Annotated photo localization data:

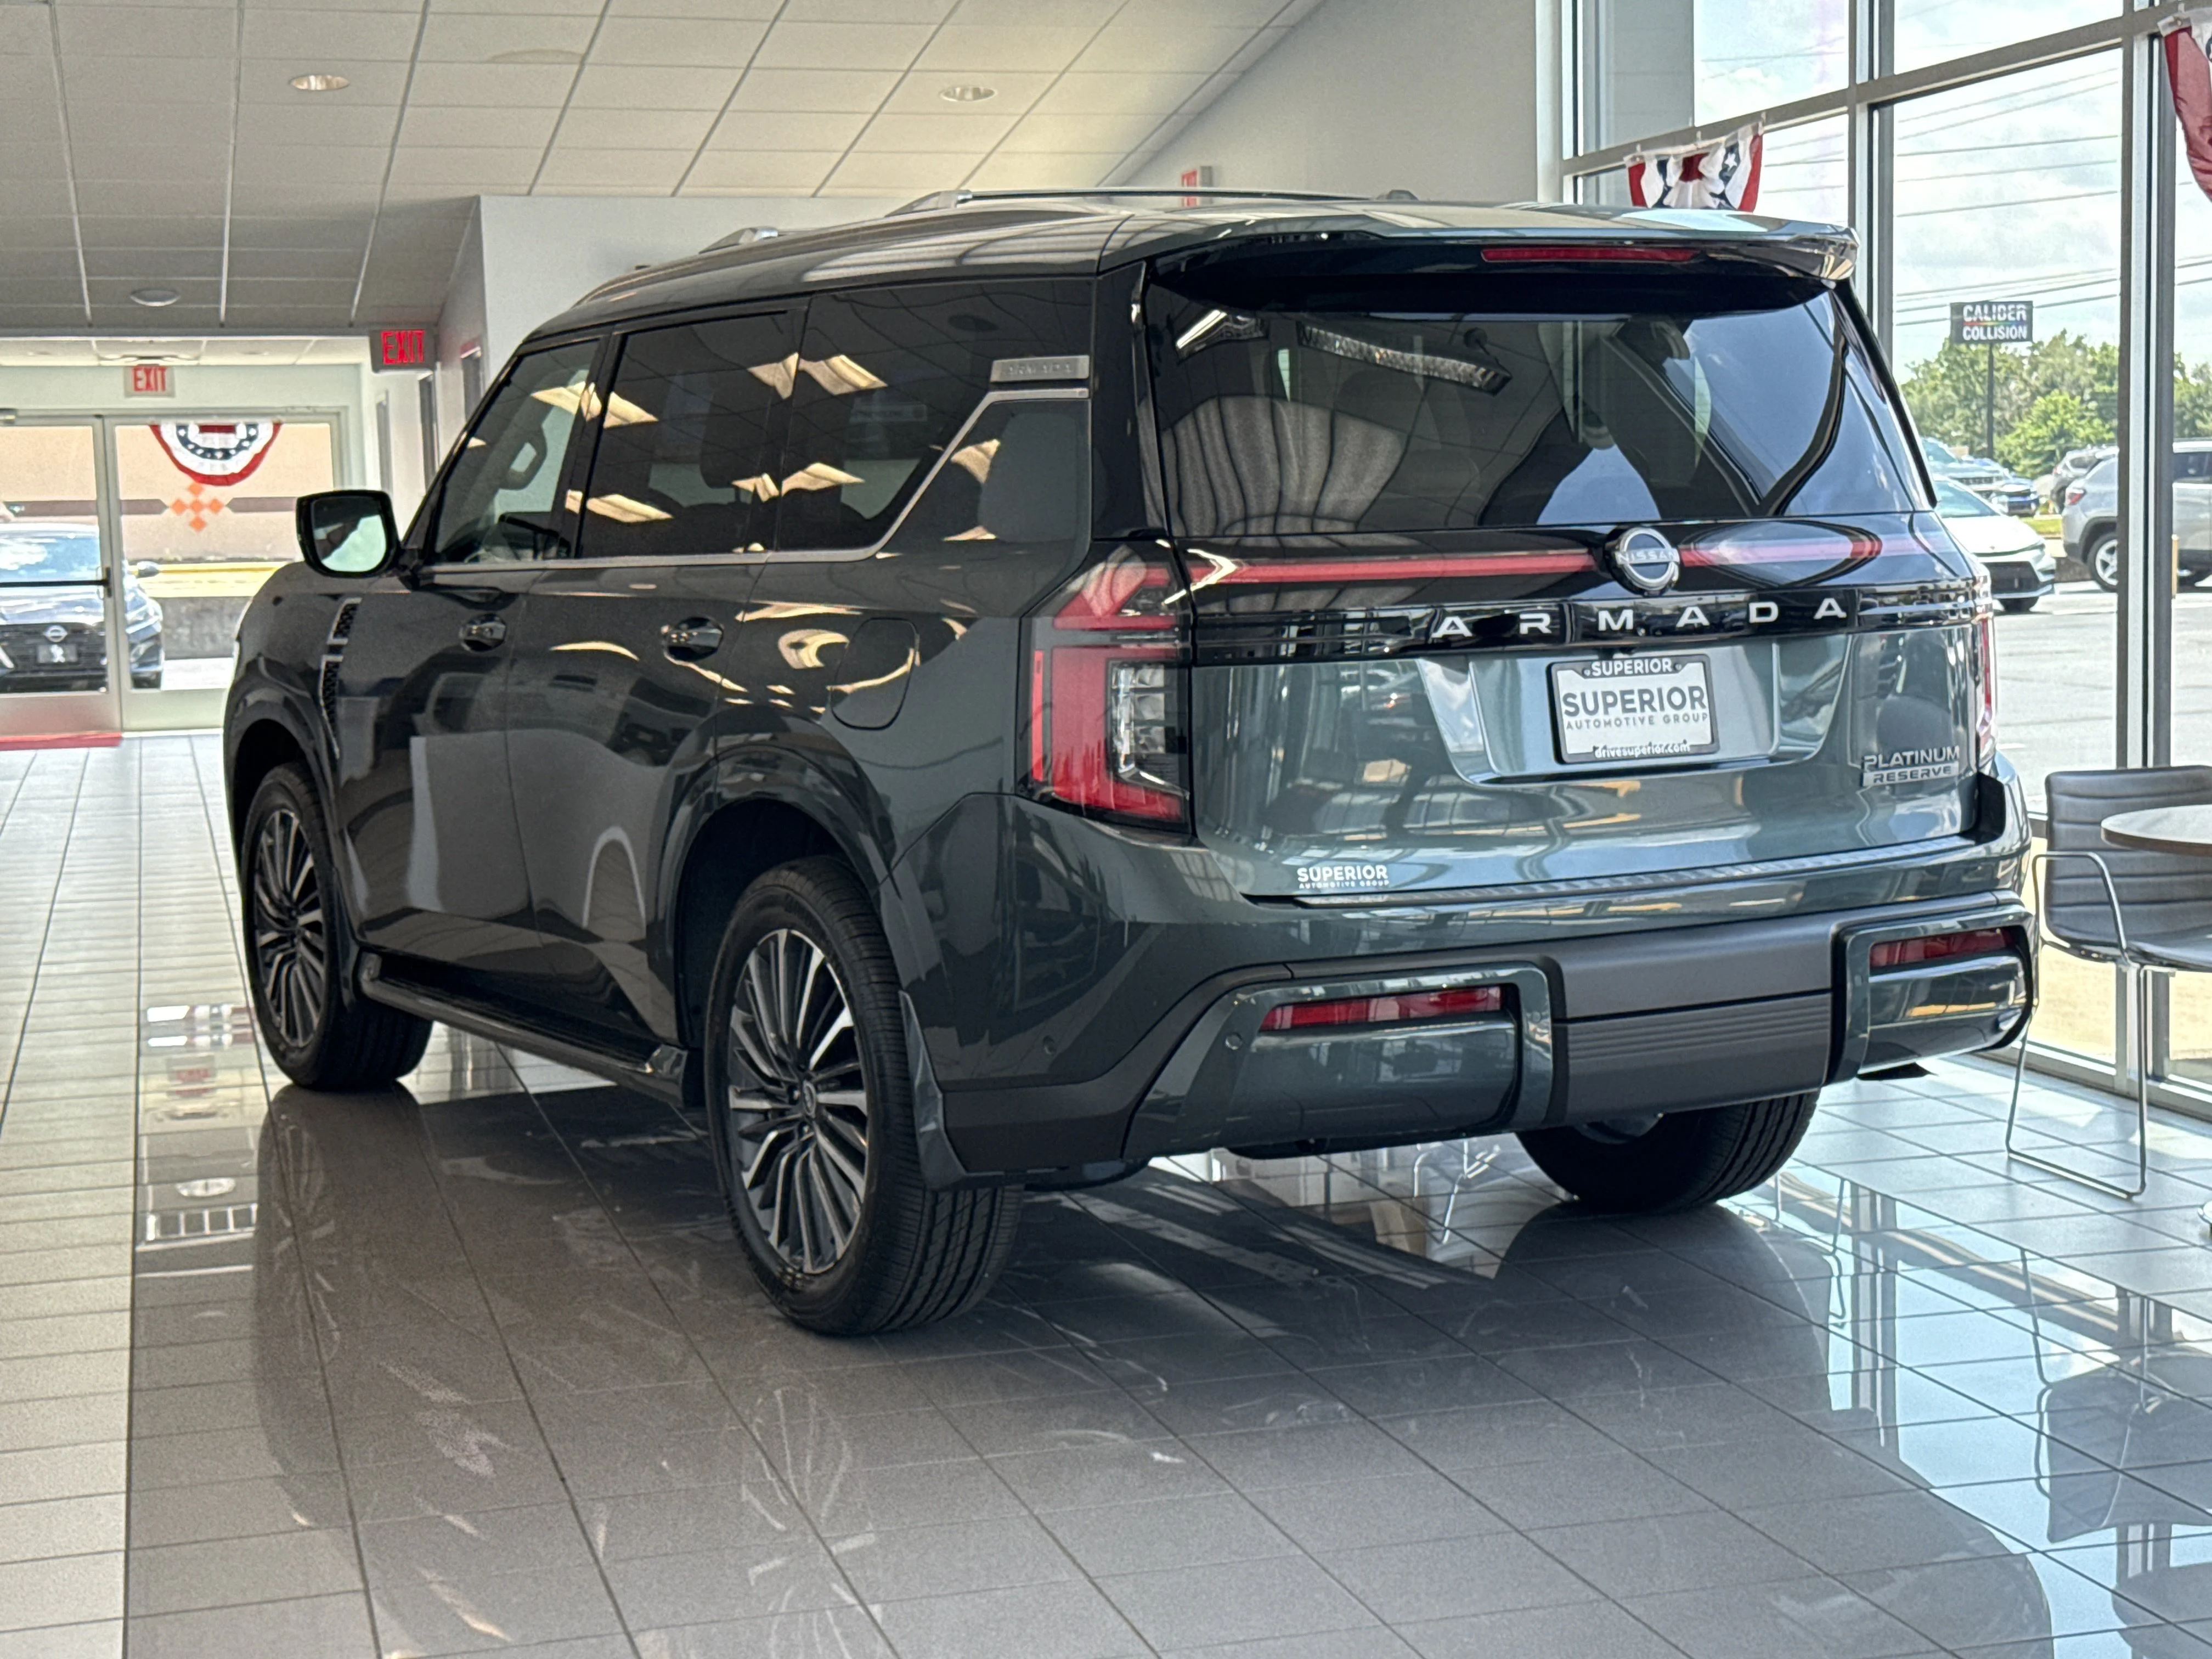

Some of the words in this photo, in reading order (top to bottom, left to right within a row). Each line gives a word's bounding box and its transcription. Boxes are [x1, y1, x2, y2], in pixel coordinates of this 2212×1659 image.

[1962, 325, 2028, 341] COLLISION
[381, 329, 426, 365] EXIT
[133, 366, 167, 392] EXIT
[1619, 550, 1674, 562] NISSAN
[1432, 597, 1847, 638] ARMADA
[1591, 658, 1673, 676] SUPERIOR
[1562, 685, 1707, 717] SUPERIOR
[1566, 715, 1655, 730] AUTOMOTIVE
[1663, 713, 1708, 725] GROUP
[1594, 742, 1691, 758] drivesuperior.com
[1864, 746, 1960, 771] PLATINUM
[1873, 765, 1952, 783] RESERVE
[1297, 865, 1388, 882] SUPERIOR
[1299, 881, 1356, 889] AUTOMOTIVE
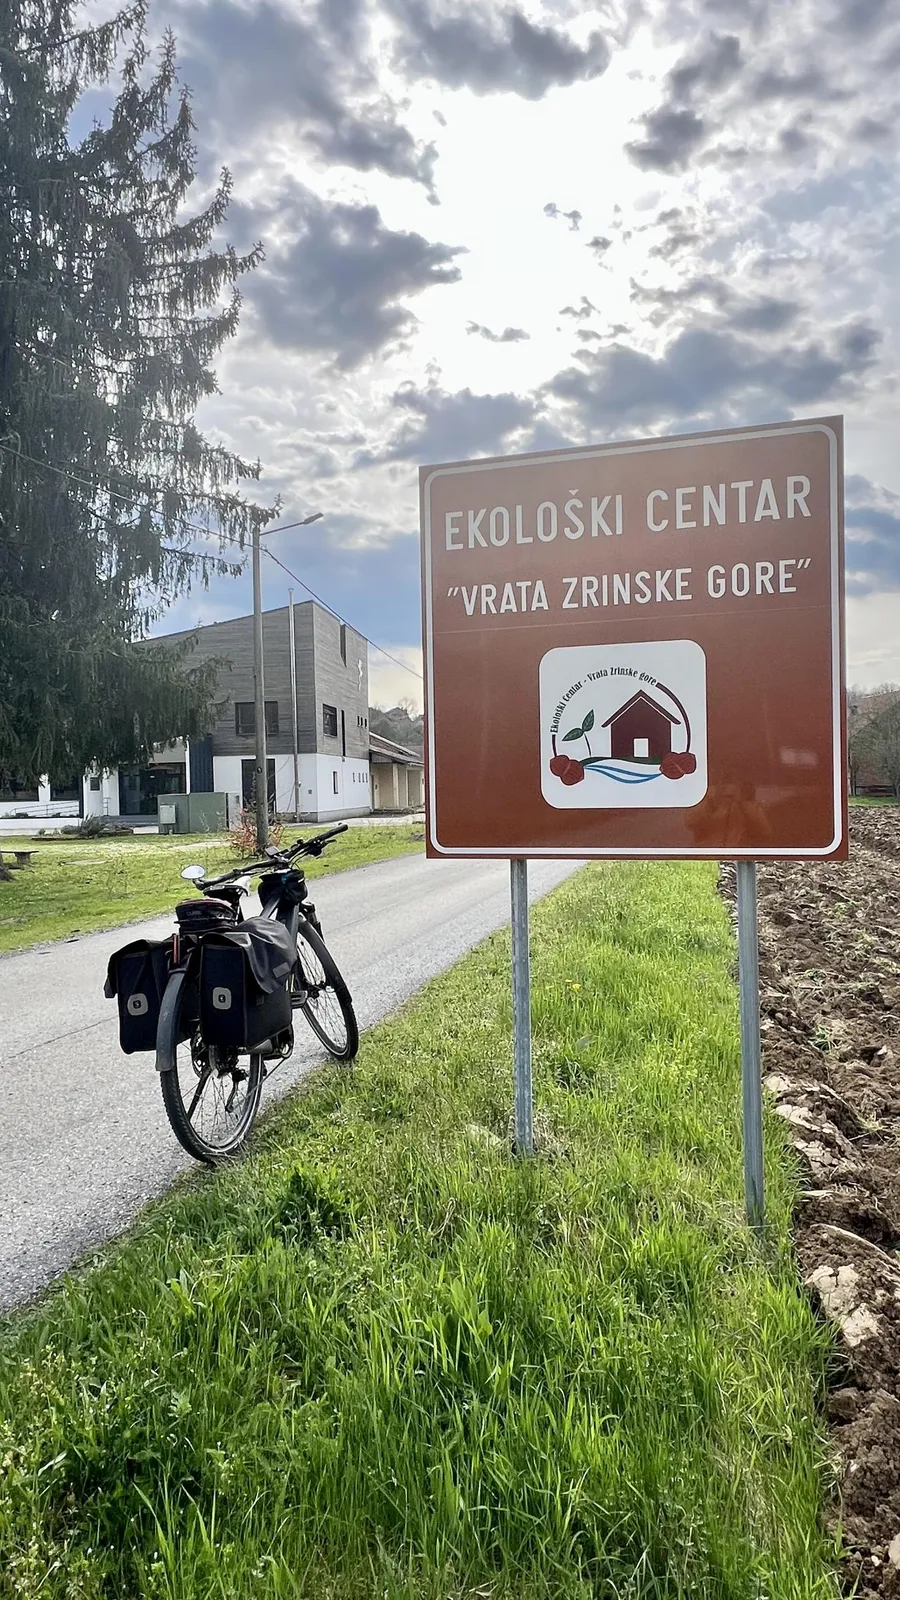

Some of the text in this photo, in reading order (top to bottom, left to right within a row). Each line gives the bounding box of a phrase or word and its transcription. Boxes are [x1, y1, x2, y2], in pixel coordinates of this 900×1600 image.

[445, 475, 812, 551] EKOLOŠKI CENTAR
[447, 557, 812, 616] "VRATA ZRINSKE GORE"
[587, 669, 608, 682] Vrata
[610, 667, 638, 678] Zrinske
[638, 671, 657, 686] gore
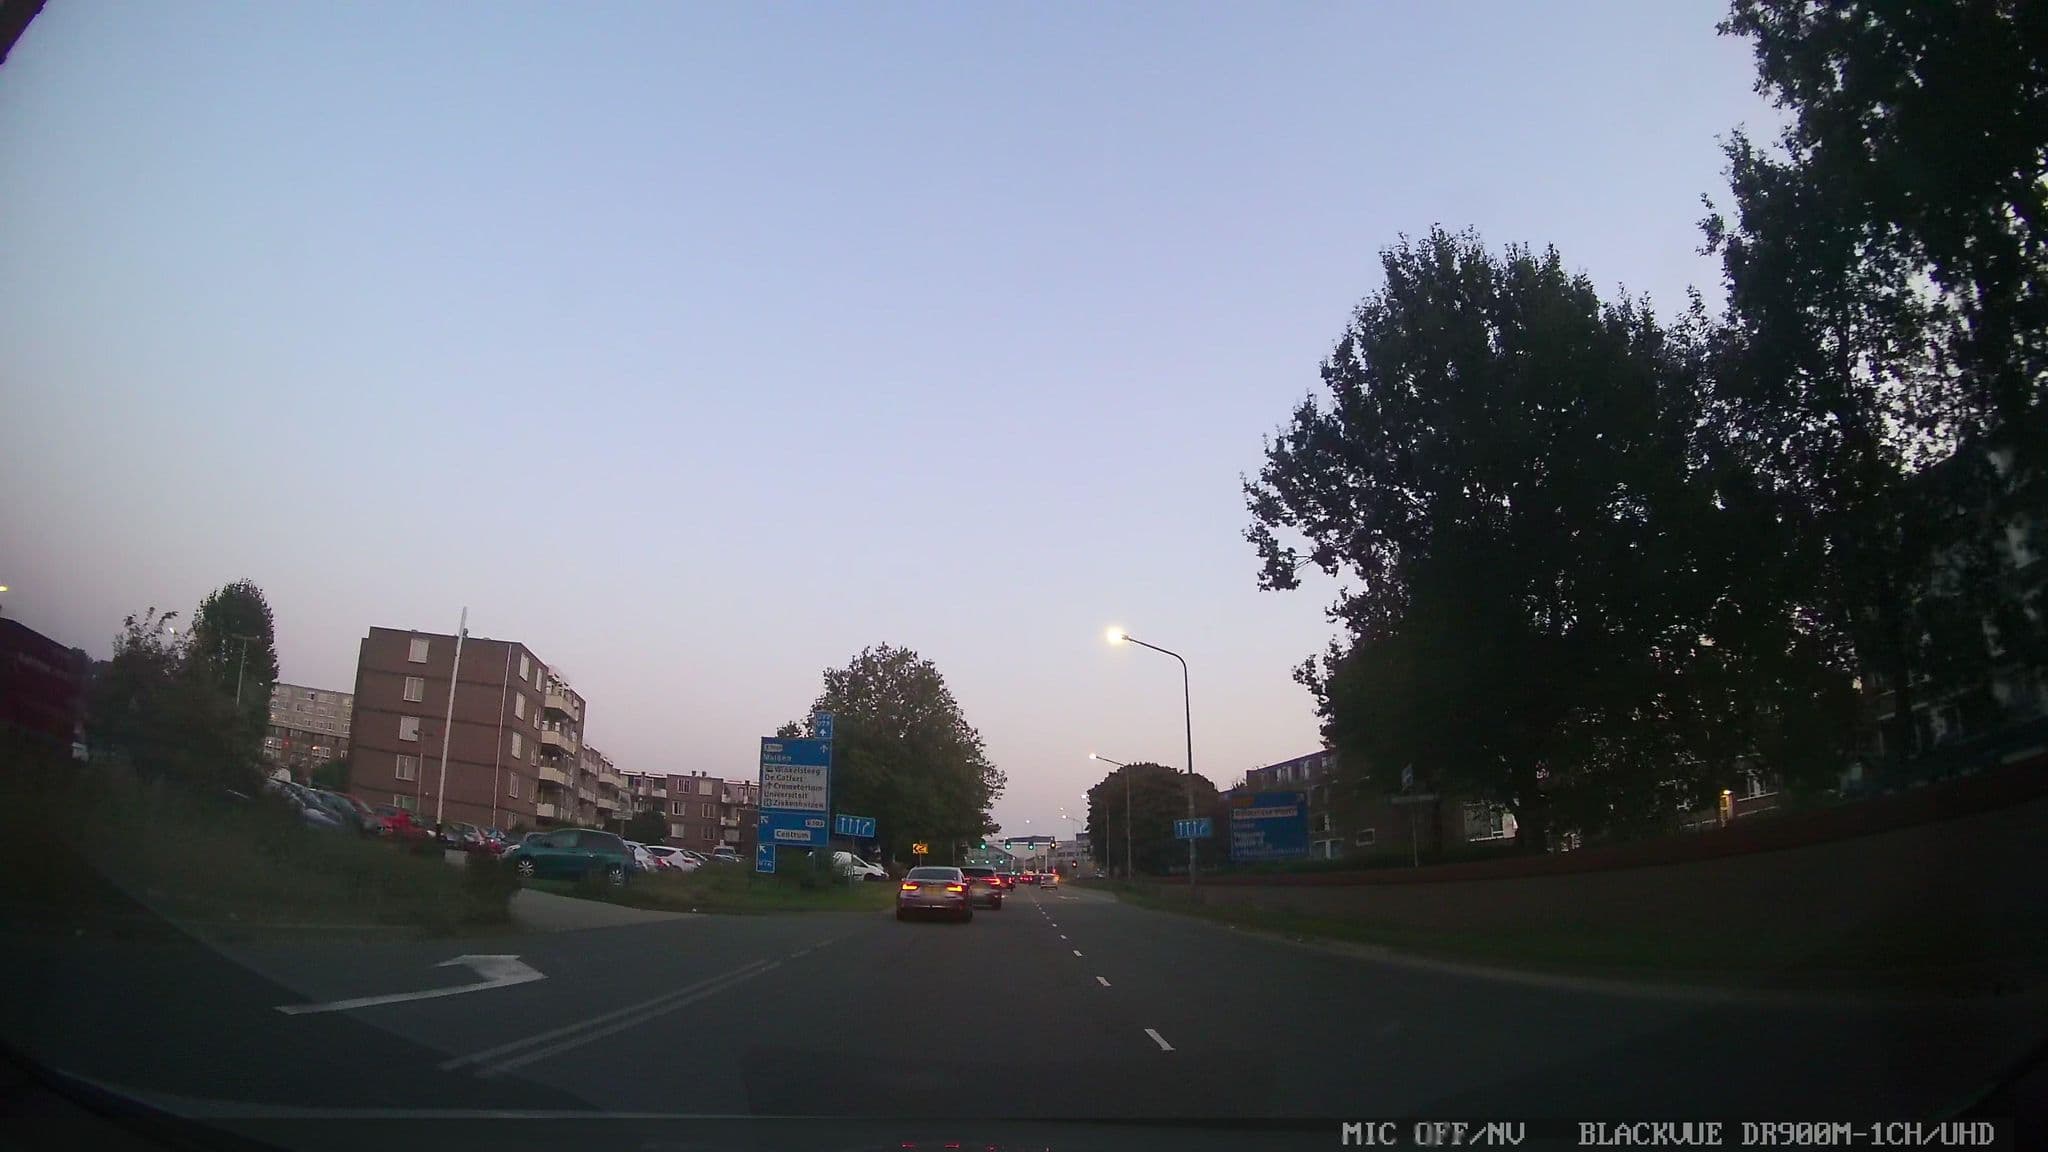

Problem to work on: Without the pictures, return all the entries above exactly as they stand.

Answer area:
Some of the words in this photo, in reading order (top to bottom, left to right within a row). Each line gives a word's bounding box and its transcription. Boxes are [x1, y1, x2, y2], in pixel coordinates of this 2212×1659 image.

[1962, 325, 2028, 341] COLLISION
[381, 329, 426, 365] EXIT
[133, 366, 167, 392] EXIT
[1619, 550, 1674, 562] NISSAN
[1432, 597, 1847, 638] ARMADA
[1591, 658, 1673, 676] SUPERIOR
[1562, 685, 1707, 717] SUPERIOR
[1566, 715, 1655, 730] AUTOMOTIVE
[1663, 713, 1708, 725] GROUP
[1594, 742, 1691, 758] drivesuperior.com
[1864, 746, 1960, 771] PLATINUM
[1873, 765, 1952, 783] RESERVE
[1297, 865, 1388, 882] SUPERIOR
[1299, 881, 1356, 889] AUTOMOTIVE

Some of the text in this photo, in reading order (top to bottom, left to right within a row). Each line gives the bounding box of a phrase or word and its transcription. Boxes are [x1, y1, x2, y2], in pixel coordinates of this 900×1600 image.

[445, 475, 812, 551] EKOLOŠKI CENTAR
[447, 557, 812, 616] "VRATA ZRINSKE GORE"
[587, 669, 608, 682] Vrata
[610, 667, 638, 678] Zrinske
[638, 671, 657, 686] gore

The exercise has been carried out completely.